I was lucky enough (read: willing when most other folks weren't) to facilitate this G.A. alongside two wonderful women. There are a few other women who are centrally involved in the camp or in Real Democracy Now who have been very important participants in Occupy Dame Street, but it was noticeable how few women got up to speak during the G.A., even following our pleas for more female voices to be heard. I think the involvement of women in this movement is absolutely crucial, and those female voices often bring a different viewpoint and a different tone to the debate. I don't think it's coincidental that the tenor of this movement, with many women involved, and of its meetings and way of organising, is something very different to the 'stand and be shouted at' format of many previous protests and political efforts, which tend to be dominated by and to appeal mainly to young men, at least that's often the case in this country. The positivity, the respect, the search for alternatives, the lack of closed minded-ness and the commitment to real democracy of Occupy are all features that have drawn me to it, and which I think attract and are promoted by the women involved. So sisters, find your voices.

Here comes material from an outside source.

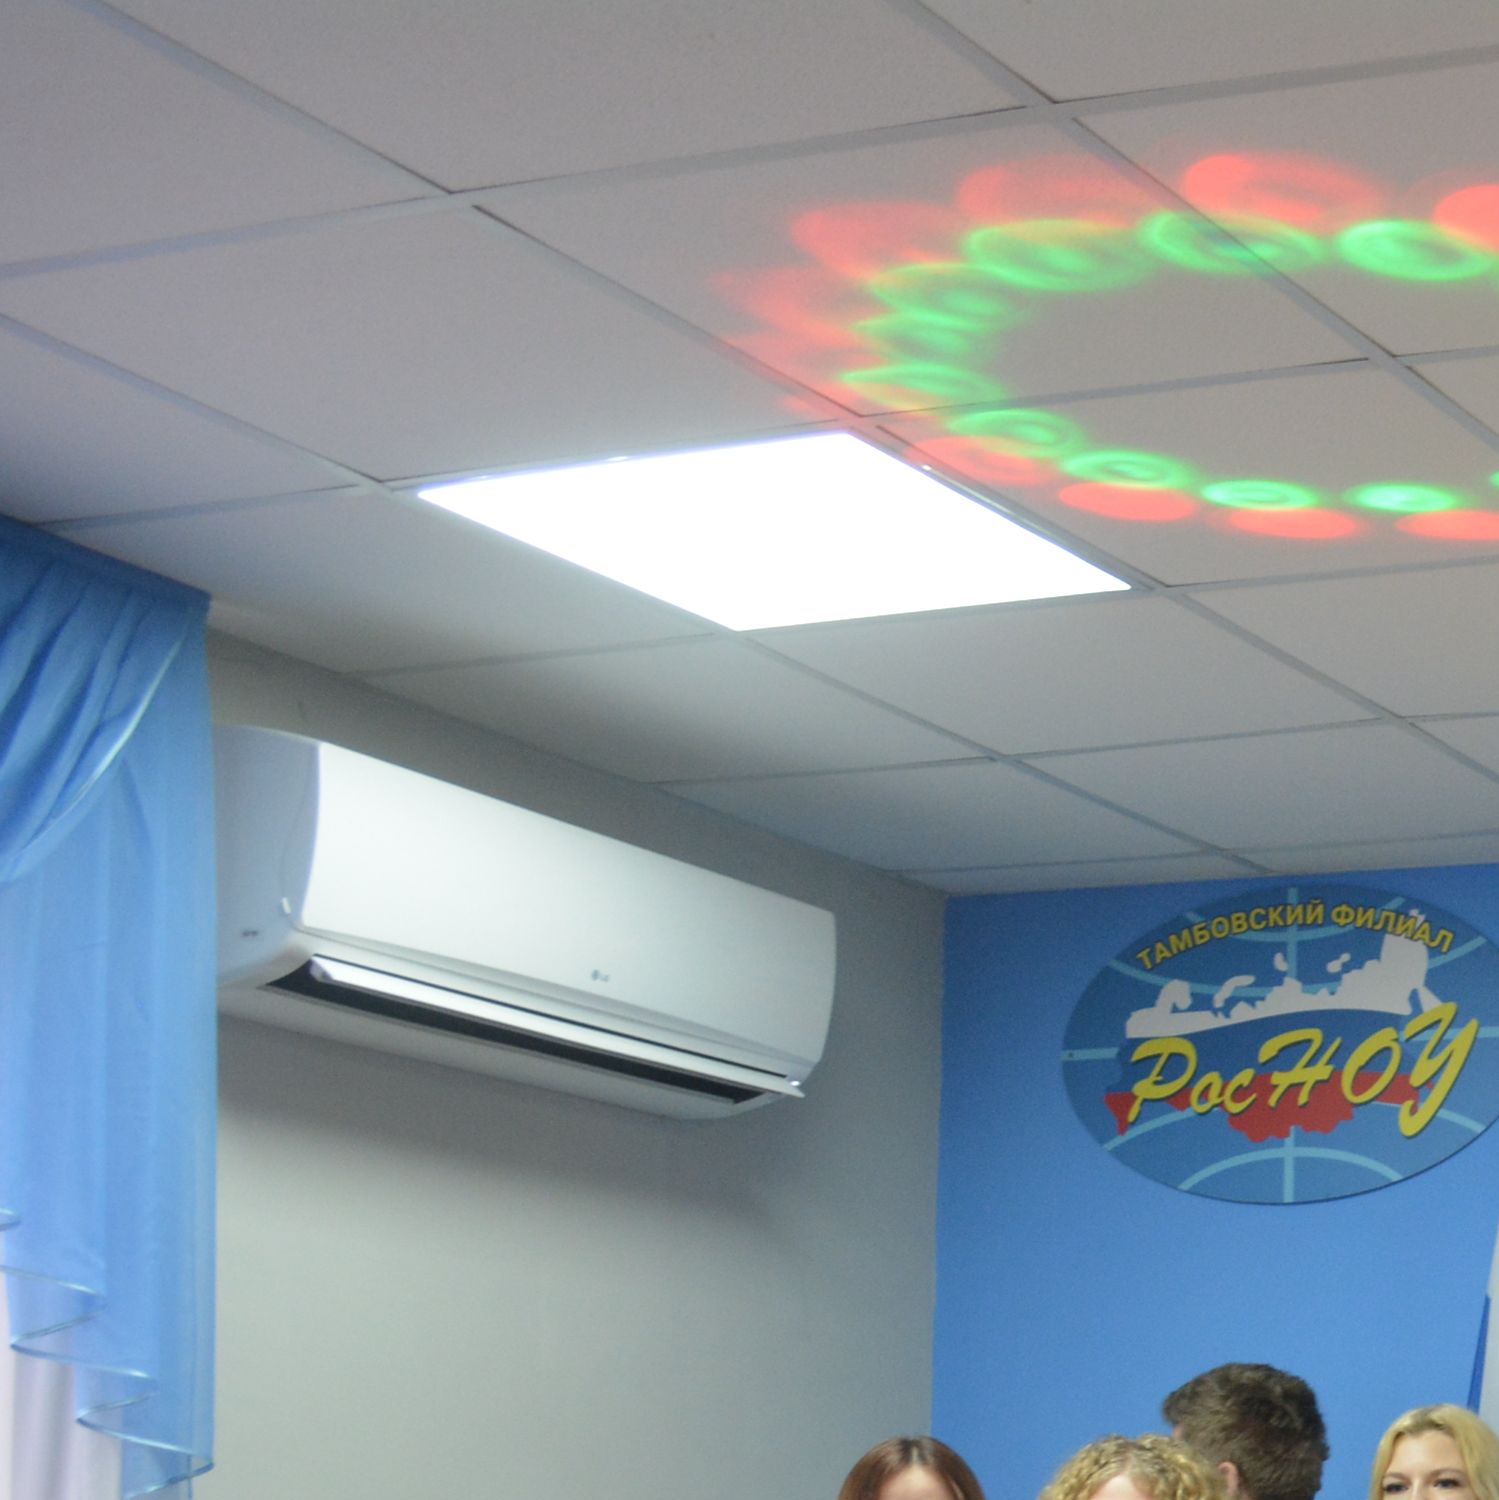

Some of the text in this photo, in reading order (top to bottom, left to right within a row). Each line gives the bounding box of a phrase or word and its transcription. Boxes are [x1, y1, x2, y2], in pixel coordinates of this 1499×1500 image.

Otherwise there were the same problems at the camp today with people not volunteering or turning up for shifts, people being on security all night, people not respecting the no drink or drugs policy of the camp, general disorganisation and untidiness leading to things getting wrecked or lost, and above all still woefully inadequate systems of communication. I feel Occupy Dame Street has already succeeded enormously, but it is the inability to communicate effectively and have systems in place that enable people to do things and, most importantly, to bring new people in, that could bring it down, sooner rather than later. It is improving, and the lack of any dry, wind-sheltered space in which to even maintain a noticeboard is still a big problem, but I hope the movement, both those camped at the Central Bank and active online, can find ways to resolve these issues. People want to volunteer but there is no-one to help direct them where they're needed, people need relief from working 30 hours straight but there's no way to ensure others take over the responsibilities. I'm doing whatever I can in this regard as are many others but we really need more to keep it going. It is getting better, albeit slowly. We keep saying, it's a learning process, and it is, for everyone. But we really need to start doing our homework, and turning up to class. We can pull together to do something incredible; let's not let the lack of coordination pull us apart.



Blogger Snag Breac said...

The world is amazing! Great thing to bring!